Necessarily confined by his need to deal also with other questions in a short time-frame in this seminar situation, Duncan’s response was concise in my memory of it. Arguing against the romantic Enlightenment conception of the individual person as a completely autonomous actor, he emphasised the necessarily relational development of the ‘self’. Referencing the French philosopher Emmanuel Levinas, Duncan proposed (I believe) that the desiring ‘self’ is always participating and developing within a network of relationships in both time and space. He drew a simple lattice of intersecting lines to illustrate this. He then circled some of the nodes of this lattice as points of encounter with others that will necessarily impact upon us, and therefore upon what we will desire. (Figure 1)
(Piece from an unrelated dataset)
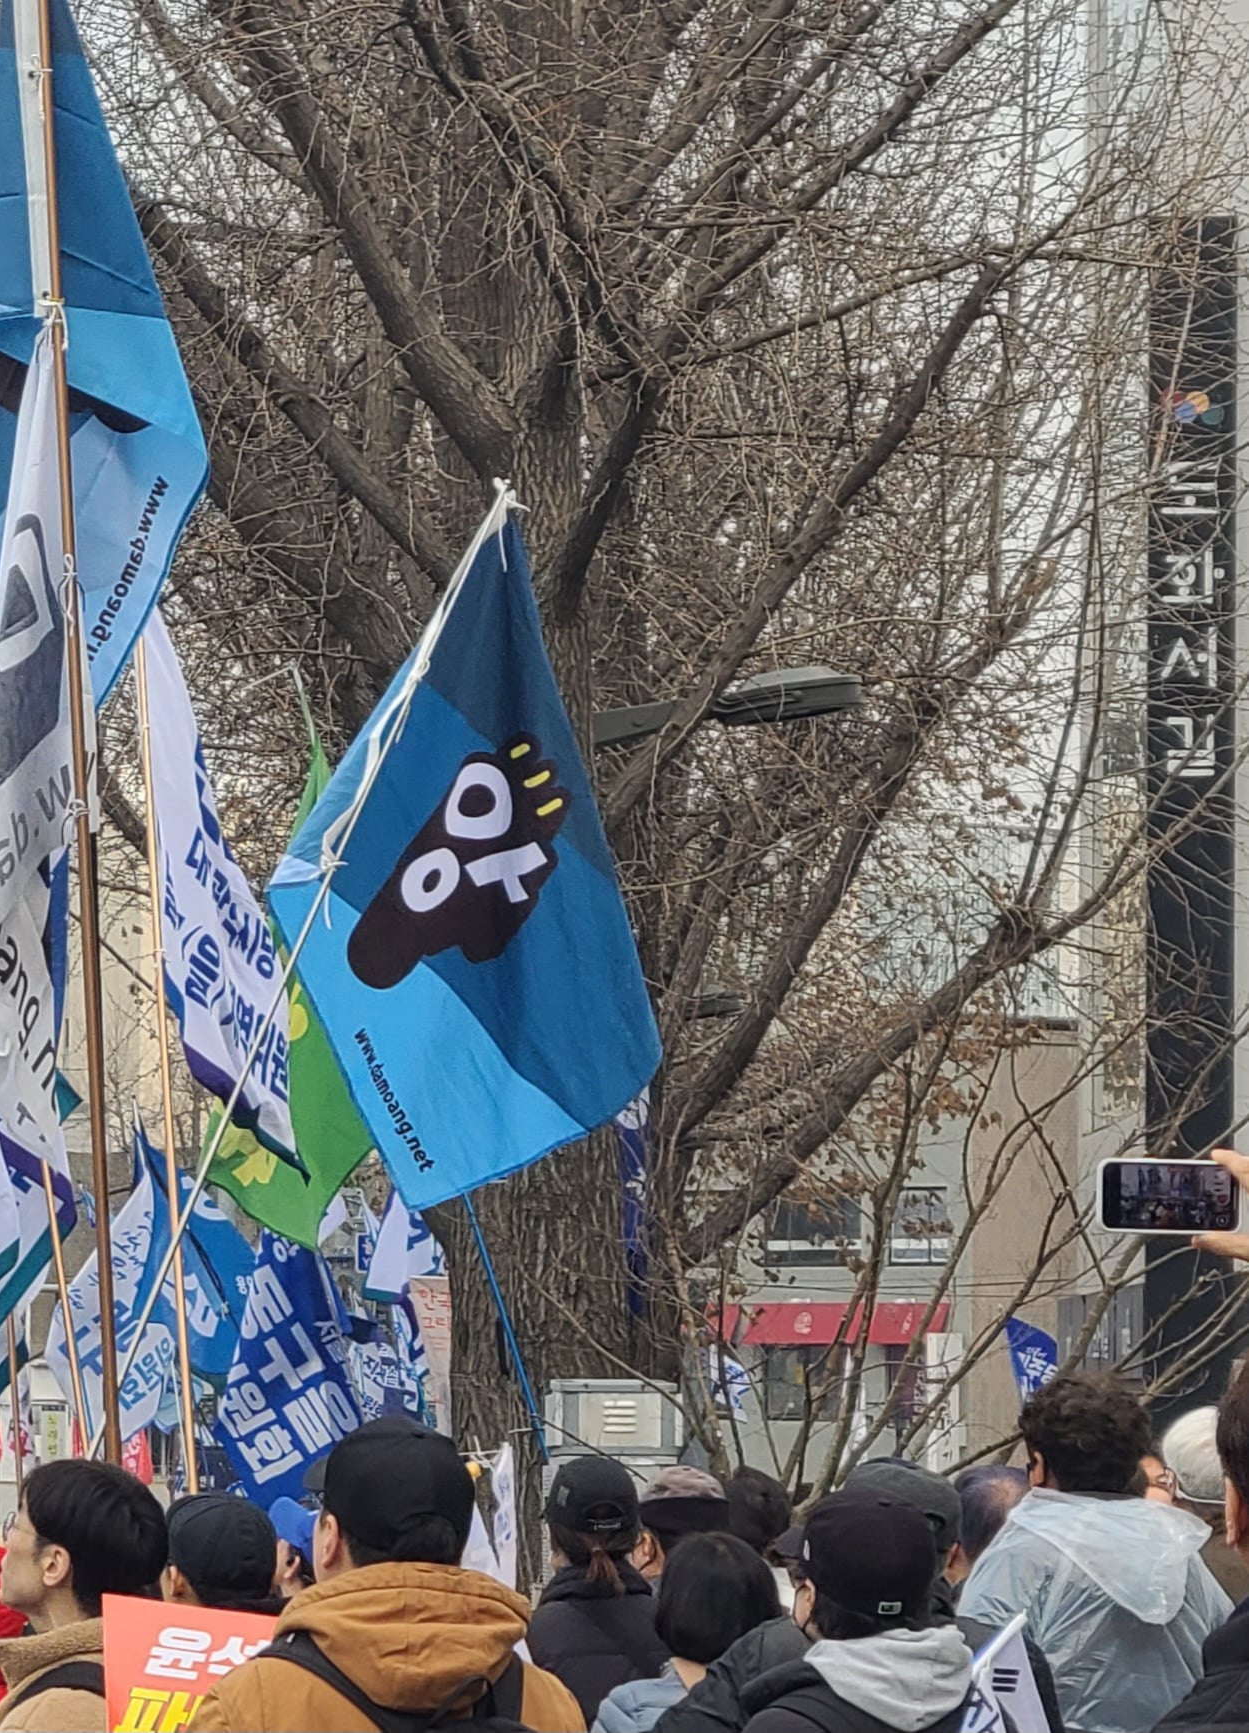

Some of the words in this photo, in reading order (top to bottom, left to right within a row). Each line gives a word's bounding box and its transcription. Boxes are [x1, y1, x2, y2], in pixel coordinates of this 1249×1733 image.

Figure 1 – The lattice of social interaction

This was helpful to me, as I had already reached an understanding of mimetic desire as ‘socially mediated’.  However, I was struck by what seemed the ‘coolness’ or ‘lack of drama’ in this brief account of social interaction. I felt that I was being invited to believe that in these encounters there could be no question about the equality of dignity of the actors – that such events would always be as ‘comfortable’ as a conversation in Corrymeela.

Looking back I think this impression must have been partly a product of the two-dimensional illustration of that lattice. I wanted to go on to explore another interior dimension, that element of ‘drama’ – of ‘felt inadequacy and inequality’ – that is present in so many of our social interactions. I could not do that right then as other members of the group had other questions waiting.

And so I propose to explore it now, by introducing what I tend to call the universe of uncertainty, honour and shame in which we all emotionally dwell. I will begin with a very short story of my own early mimetic desire.

Some years before my own arrival on this planet in 1943, as the son of a Dublin civil servant, my mother’s younger sister had taken the eye of a prominent Dublin obstetrician. I grew up some miles away from a slightly younger cousin, the son of this doctor. Occasionally I visited his home in a far more select Dublin neighbourhood.

To this day my use of a particular brand of soap was determined by my finding it, on one of those days, in the far more luxurious bathroom of that house. Its shape and colour and weight and scent lingered with me, at the age of about twelve I think, and gave birth to the desire that I was later able to satisfy.

‘We are afflicted with a congenital uncertainty as to our own value.’ So concluded the philosopher Alain de Botton in 20041. I can think of no better short summary of my own considered view of our deepest human problem. As this chronic uncertainty tends to put us in flight from shame and in search of honour (both socially ‘mediated’) it lends itself to a perception of society as necessarily and righteously ‘judgmental’ – as having both the power and authority to determine our ‘worthiness’.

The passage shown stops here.